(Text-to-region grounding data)

■ ■ ■ ■ ■

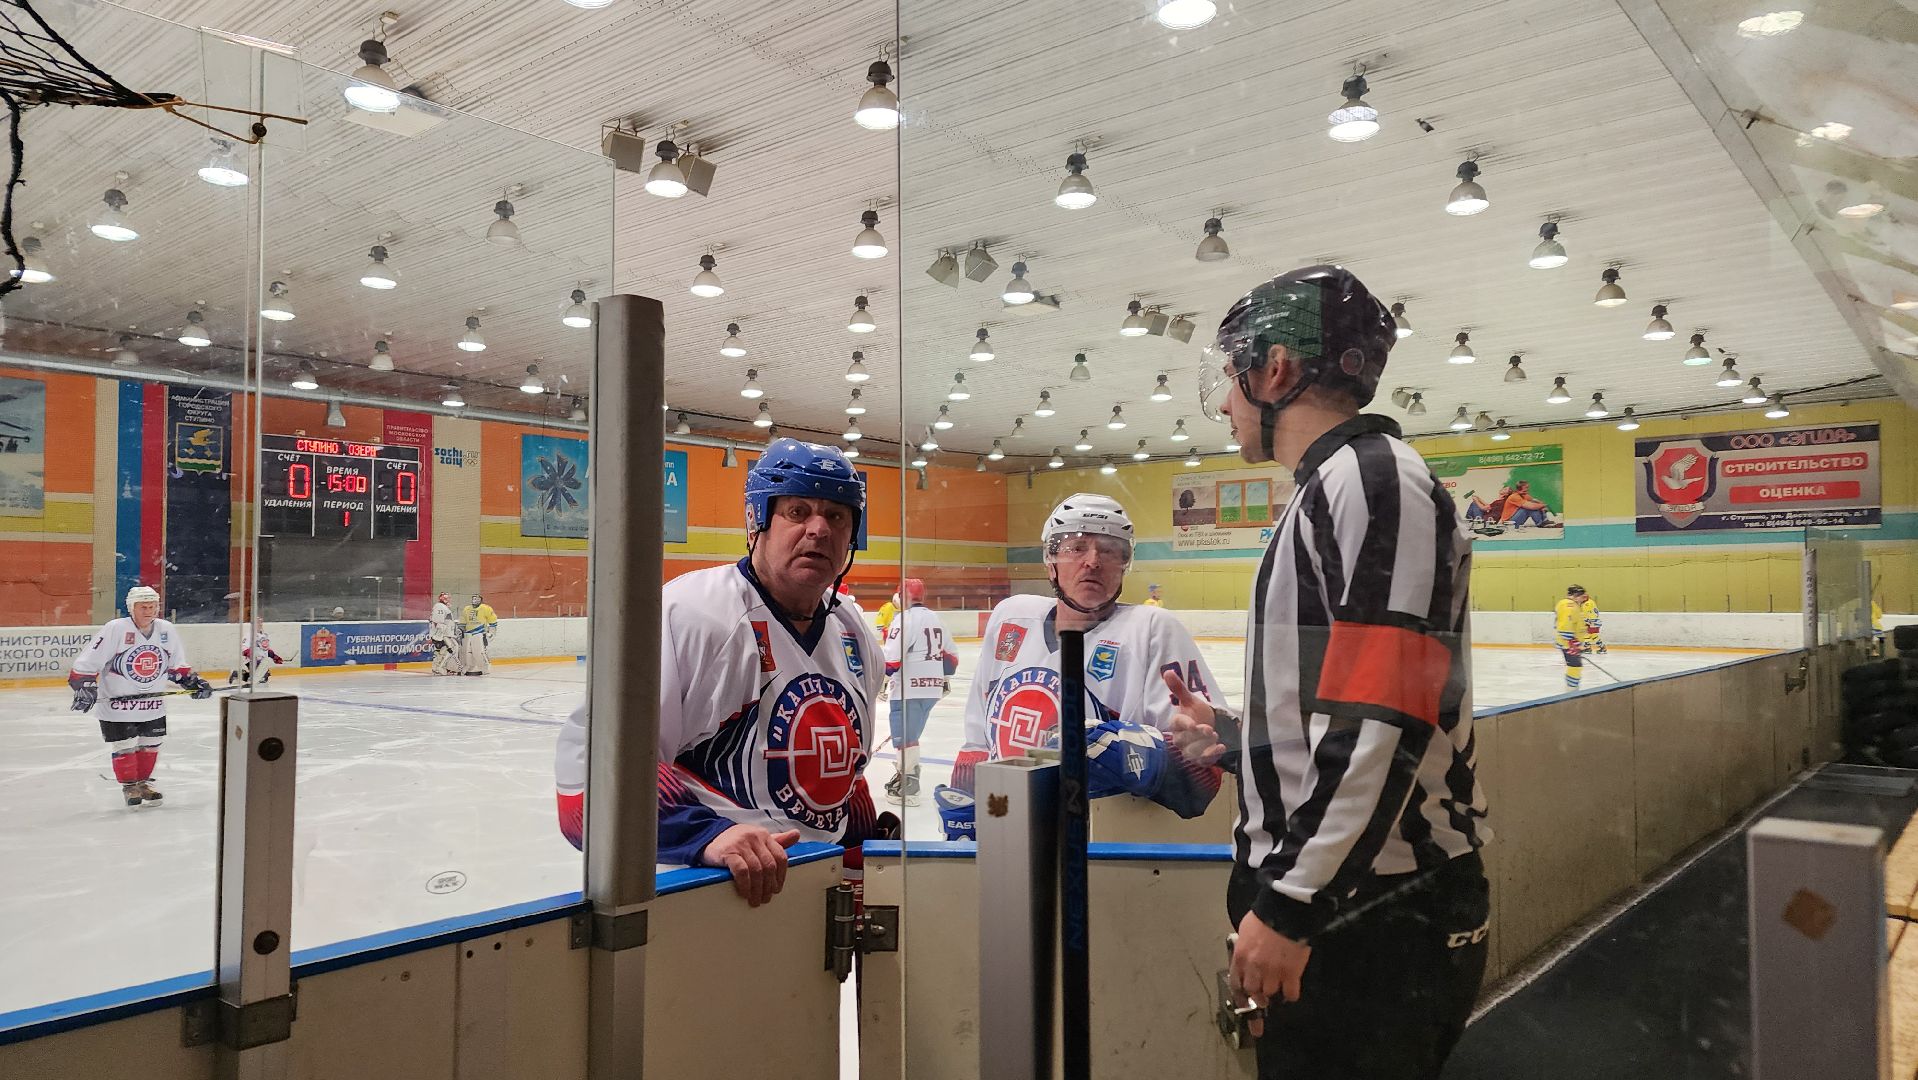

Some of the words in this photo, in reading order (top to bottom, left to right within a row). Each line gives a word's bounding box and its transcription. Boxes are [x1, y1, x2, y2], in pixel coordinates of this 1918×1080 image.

[296, 439, 339, 453] СТУПИНО
[1730, 433, 1775, 449] ООО
[439, 457, 463, 468] 2014
[1725, 456, 1865, 474] СТРОИТЕЛЬСТВО
[326, 466, 359, 475] ВРЕМЯ
[289, 463, 310, 499] 0
[397, 472, 416, 505] 0
[1759, 485, 1827, 499] ОЦЕНКА
[264, 499, 312, 508] УДАЛЕНИЯ
[323, 501, 364, 511] ПЕРИОД
[375, 504, 417, 513] УДАЛЕНИЯ
[347, 634, 414, 643] ГУБЕРНАТОРСКАЯ
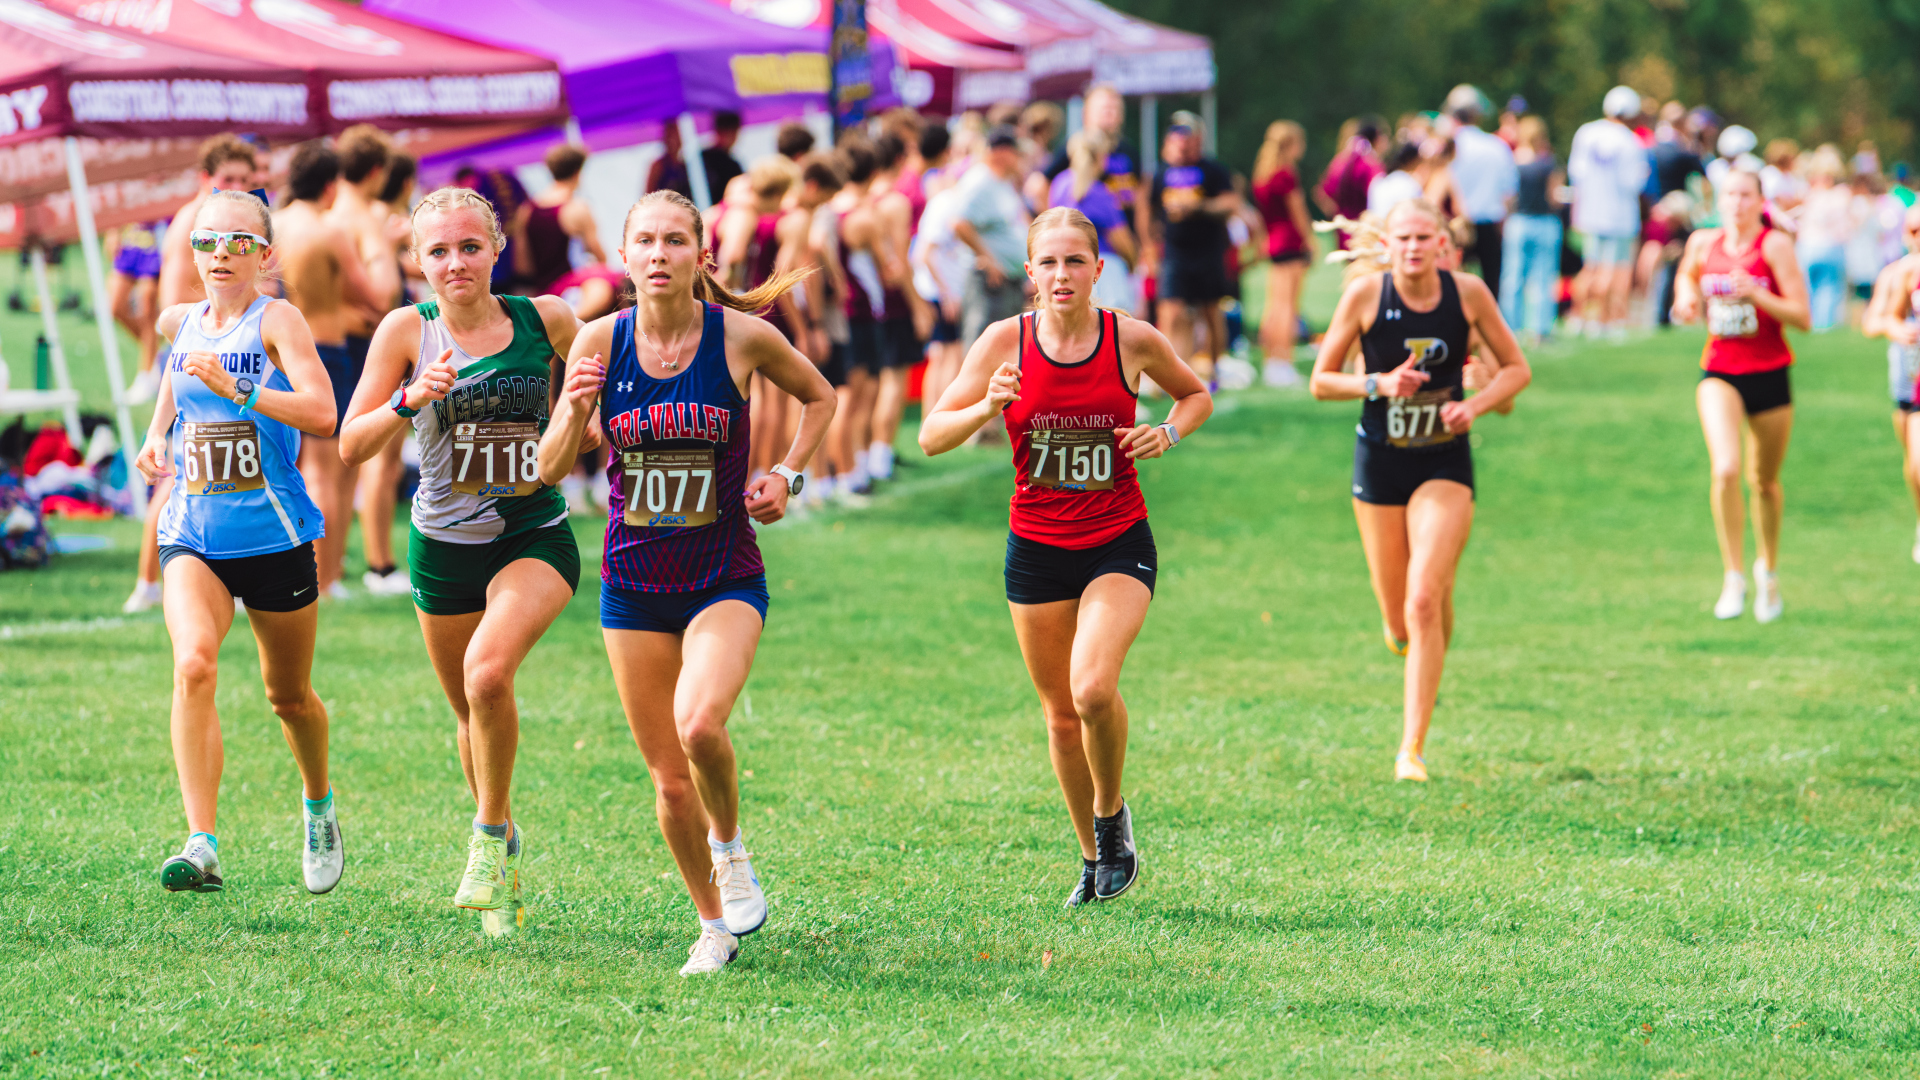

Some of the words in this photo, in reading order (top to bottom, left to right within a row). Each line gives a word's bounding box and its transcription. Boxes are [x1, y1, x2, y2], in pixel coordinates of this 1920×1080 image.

■ ■ ■ ■ ■

What's needed is every line above, retyped exactly and free of pictures.

Some of the words in this photo, in reading order (top to bottom, left to right within a row). Each line gives a word's bounding box and its transcription. Boxes are [x1, y1, x2, y2], in pixel coordinates of this 1918×1080 image.

[296, 439, 339, 453] СТУПИНО
[1730, 433, 1775, 449] ООО
[439, 457, 463, 468] 2014
[1725, 456, 1865, 474] СТРОИТЕЛЬСТВО
[326, 466, 359, 475] ВРЕМЯ
[289, 463, 310, 499] 0
[397, 472, 416, 505] 0
[1759, 485, 1827, 499] ОЦЕНКА
[264, 499, 312, 508] УДАЛЕНИЯ
[323, 501, 364, 511] ПЕРИОД
[375, 504, 417, 513] УДАЛЕНИЯ
[347, 634, 414, 643] ГУБЕРНАТОРСКАЯ

Some of the words in this photo, in reading order (top to bottom, left to right within a row). Each line gives a word's bounding box and its transcription. Boxes are [x1, y1, x2, y2], in pixel coordinates of this 1920×1080 image.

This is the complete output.